This month, the Bank of England and the Financial Conduct Authority issued letters urging U.K. bank executives to get the ball rolling on plans to transition to Libor replacement.
Participants at IMN’s ABS East conference in Miami got more or less the same message firsthand. “I still see a concerning lack of preparation and people being proactive at very large institutions,” said Eli Stern, a principal at consulting advisory firm EY.
“Even walking around here and talking to people ... they’re saying, ‘I’m just going to wait to see what happens,' " he said. “That’s not going to cut it."
Stern added, “I’m curious to see how regulators will start to respond if they start to see blatant lack of preparedness.”
He was among five panelists who expressed a mix of dismay and alarm that firms seem to be dragging their feet on planning for a transition to a new benchmark rate for loans and derivatives contracts once the London Interbank Offered Rate is no longer available.
After 2021, the FCA will no longer require 16 global panel banks to submit daily quotes on interbank lending rates varied by term and currency.
Several audience polls during the panel discussion underscored either the apathy or bewilderment in how firms expect to move forward with a replacement rate that will cover an estimated market of $200 trillion in loans and swaps/derivatives contracts.
Nearly 72% of attendees polled electronically said their institutions were either only going to get involved “at the appropriate time” or “let the market figure it out”; only 12.5% stated their firms were actively engaged with a companywide program planning on transitioning to a future alternative benchmark, while 15.7% stated these initiatives were siloed within a business-line level.
While waiting on the market may be seem like the path of least resistance, there’s a price for kicking the can down the road, the panelists warned. More than $500 billion of outstanding student loans and consumer and corporate debt are pegged to Libor, and in many cases, the language in loan documents does not ensure a smooth transition to a new rate. Typically, for example, there are clauses requiring both issuers and investors to subsequently agree on a new rate.
“People are beginning to focus on legacy transactions that will mature after 2021 or before 2021 if the market moves away from Libor prior to that. And a majority of these transactions do not have robust fallback language, or fallback language at all,” said EY’s Stern.
The contracts should include details on trigger events for a new rate, the definition of the new rate, any necessary spread adjustments and timings to compensate any loss of potential value transfers between counterparties, he said. And it won’t be simple to update deal documents, which “may not be easily searchable” for rate-transition clauses.

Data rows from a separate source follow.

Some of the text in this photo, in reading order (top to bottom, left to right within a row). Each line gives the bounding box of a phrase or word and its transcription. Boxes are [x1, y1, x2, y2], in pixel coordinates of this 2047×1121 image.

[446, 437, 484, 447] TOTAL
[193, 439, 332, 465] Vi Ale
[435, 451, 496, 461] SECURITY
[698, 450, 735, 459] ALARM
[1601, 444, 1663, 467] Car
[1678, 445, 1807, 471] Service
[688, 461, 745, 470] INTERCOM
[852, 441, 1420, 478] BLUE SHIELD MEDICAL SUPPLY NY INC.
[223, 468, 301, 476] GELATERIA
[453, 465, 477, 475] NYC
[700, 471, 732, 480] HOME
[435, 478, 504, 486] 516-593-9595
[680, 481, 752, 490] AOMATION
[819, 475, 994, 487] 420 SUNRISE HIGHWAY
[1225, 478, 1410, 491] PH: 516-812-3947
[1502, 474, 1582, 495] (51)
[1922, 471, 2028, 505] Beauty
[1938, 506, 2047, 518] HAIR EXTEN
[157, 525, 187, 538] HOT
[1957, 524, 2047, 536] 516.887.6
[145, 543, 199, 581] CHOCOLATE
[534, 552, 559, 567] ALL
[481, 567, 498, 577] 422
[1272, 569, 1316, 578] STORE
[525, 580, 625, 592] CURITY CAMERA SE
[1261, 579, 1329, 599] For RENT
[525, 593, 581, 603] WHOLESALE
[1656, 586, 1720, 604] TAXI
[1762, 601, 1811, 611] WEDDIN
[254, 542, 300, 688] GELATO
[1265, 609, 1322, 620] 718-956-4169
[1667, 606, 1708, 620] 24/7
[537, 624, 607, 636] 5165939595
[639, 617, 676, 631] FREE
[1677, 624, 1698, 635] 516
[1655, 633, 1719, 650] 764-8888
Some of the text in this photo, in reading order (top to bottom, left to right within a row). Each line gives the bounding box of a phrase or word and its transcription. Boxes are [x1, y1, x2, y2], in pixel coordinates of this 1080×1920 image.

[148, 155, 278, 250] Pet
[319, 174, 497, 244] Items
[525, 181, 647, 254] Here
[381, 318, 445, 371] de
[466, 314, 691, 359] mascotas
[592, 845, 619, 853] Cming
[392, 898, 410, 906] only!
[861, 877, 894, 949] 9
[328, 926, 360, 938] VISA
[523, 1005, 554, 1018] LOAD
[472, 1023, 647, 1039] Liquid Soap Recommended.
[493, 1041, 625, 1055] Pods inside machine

Part of the problem may be the lack of an attractive alternative. Over 65% of respondents agreed that the loan and securities markets should have a market-based, forward-looking term rate – a benchmark more suitable for longer-tenored paper than alternative overnight rates like the Secured Overnight Funding Rate (SOFR) that the Federal Reserve of New York has published since April.
The Fed’s introduction of SOFR was designed to deal with the immediate need of transitioning to an overnight rate for the swaps contract making up a majority of the outstanding derivatives markets. In August, the ARCC announced plans to begin developing a term rate based on SOFR.
In July, Fannie Mae issued a three-tranche, $600 billion deal tied to overnight SOFR with short-term maturities of between six and 18 months. A Fannie Mae official said the SOFR rate was benchmarked in support of the rate offered by the Fed’s Alternative Rate Reference Committee (ARCC), of which Fannie is a member.
“The more people move to these alternative rates the less pressure that heaps on the Libor submitters,” said Chris Killian, a managing director of securitization for the Securities Industry and Financial Markets Association (SIFMA).
The end of Libor is not necessarily a fait accompli. While the FCA will no longer require panel banks to submit quotes by 2021, nothing would prevent them from continuing to estimate the rates they would pay for bank-to-bank funding among various term lengths (daily, weekly, one to six months, or annually) among five different currencies.
The Libor rate is administered by the ICE Benchmark Administration. Last February, the ICE administration president Tim Bowler told attendees of the Structured Finance Industry Group’s annual asset-backed securities conference in Las Vegas that ICE was looking to publish the Libor benchmark rates past 2021.
This spring, ICE launched new methodology on quote submission asking banks to base the rate on actual transactions rather than estimates. The so-called “waterfall” method would involve banks using average rates available from wholesale, insured funding transactions between banks as well as issuance or trading of debt instruments in the primary and secondary markets. “Expert” estimates would be permitted if banks have insufficient transaction volume to derive the quotes.
The Fed’s new Secured Overnight Funding Rate is deemed acceptable for derivatives contracts as an overnight rate, but was not suitable for loans because it represents risk-free financing that does not reflect banks’ funding costs.